A conservative framework
We have a legal immigration system that doesn't work. We don't have an effective system to enforce our immigration laws. And we have, by some estimates, as many as 11 million human beings living in the United States without the proper immigration documents in a state of de facto amnesty. It's a problem that has both political and economic ramifications on our nation.
On the political front, a growing number of voters of Asian and Hispanic descent have been convinced by the left that conservative opposition to immigration reform equates to being anti-immigrant. This is unfair and it is untrue. But they have pulled it off and, as a result, our ability to convince these fast-growing communities that the principles of limited government and free enterprise are better for them than big government and collectivism has been impaired.
The economic ramifications, however, are even more serious. For example, our technology sector creates roughly 120,000 computer engineering jobs a year but our universities graduate only about 40,000 students a year in that field. The long-term answer, of course, is to get more American students to graduate in this field. But the immediate problem is that, in the absence of an immigration system where these workers can be brought here, these jobs are sent overseas to them.
Another example is in agriculture, where a stable and affordable domestic supply of food is critical to our national security and our quality of life. Agriculture has always required a significant workforce from abroad. But we do not have a system through which growers and dairies can bring a workforce legally into the United States.
This broken system of immigration, combined with lax enforcement, has resulted in our illegal immigration problem.
In an ideal world, we could go back to 1986 and rewrite the immigration reform efforts implemented then to account for these issues and to ensure that real enforcement measures would be implemented. But in the real world, we cannot do that. We have to deal with what we have in the best way possible and make sure that this never ever happens again.
The principles I have proposed to deal with this issue are not perfect. But I believe they create a framework for dealing with this reality in a responsible and reasonable way. And I think conservatives have already won important concessions from Democrats that we can build on to shape the actual legislation.
First, we would modernize our legal immigration system. In essence, we create one that meets the needs this country has in this new century.
For example, while I support our family-based system of immigration, we can no longer afford to have less than 10 percent of our immigration based on skill and talent. We need a functional guest-worker program so that, in times of low unemployment and rapid economic growth, our industries have the labor they need to continue growing. And we need an agricultural worker program that allows our growers to contract the seasonal and year-round labor they need legally.
Second, we need real enforcement mechanisms. An employment verification system is the key to this. We have the technology to implement such a system, so we just need to do it. Over 40 percent of our illegal immigrants entered legally and overstayed their visas. That's why we need to have a complete system of tracking the entry and exit of visitors, using the technologies available to us today.
And we need to achieve control of our borders. This is not just an immigration issue; this is a national security and sovereignty issue. And it can be done. The southern border is actually divided into nine separate sectors. There has been progress made in some sectors and not enough in others. We need to establish the high probability of intercepting illegal crossings in each of these sectors in a timely and effective manner.
And third, we have to deal with those who are here now without documents. I am not happy about the fact that we face this problem. But we do. Most of these are people who will be here for the rest of their lives with or without documents, so it is in our best interest to deal with them and to make sure this never happens again.
This is how I have proposed we do so. First, those who have violated our immigration laws must come forward and undergo a background check. If they have committed a serious crime, they will be deported. If they have not, they will have two choices: They can avail themselves of the current law, which requires them to return to their native countries, wait 10 years and then apply for green cards. Or if they decide to remain in the United States, they will do so under the equivalent of nonimmigrant work permits by paying substantial fines and back taxes. If they choose the nonimmigrant work visas, they will not qualify for any federal benefits, including ObamaCare.

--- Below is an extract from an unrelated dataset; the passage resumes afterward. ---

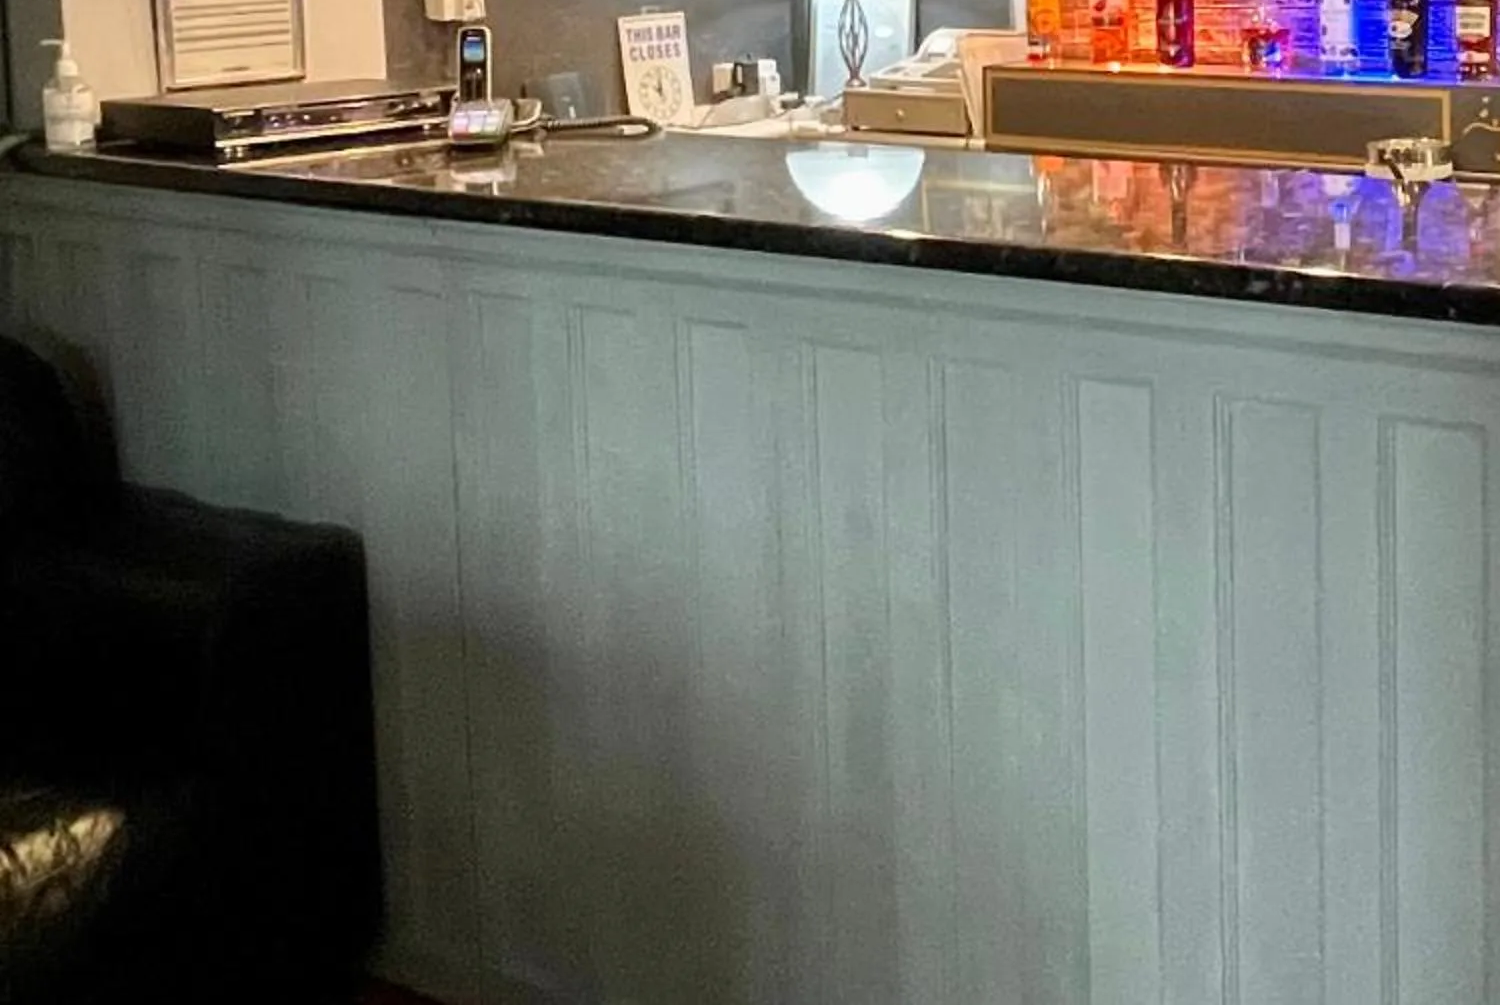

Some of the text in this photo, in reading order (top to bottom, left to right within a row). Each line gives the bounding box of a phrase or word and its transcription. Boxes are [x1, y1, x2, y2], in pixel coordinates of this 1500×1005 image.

[626, 24, 681, 43] THIS BAR
[629, 42, 682, 62] CLOSES

Those who choose the nonimmigrant work permits will not be allowed to apply for green cards for a substantial period of time. And they will not be allowed to apply until the enforcement mechanisms outlined above are in place. Thereafter, once these conditions are met — and if they have not violated any laws while holding the work permits — the only thing they will be allowed to do is apply for green cards using the same process everyone else uses. That is, they apply, they wait in line behind everyone who has applied before them and when their turn comes up, they have to qualify for one of the existing green card programs.
If the president decides to support a plan to the left of this, he will do so in conflict with leaders of his own party — not to mention the majority of Americans — and ultimately bear the responsibility for derailing a bipartisan immigration plan.
Marco Rubio, a Republican, is a U.S. senator of Florida. This commentary is adapted from Mr. Rubio's longer response to criticism of his immigration reform plan by Erik Erickson at RedState.com.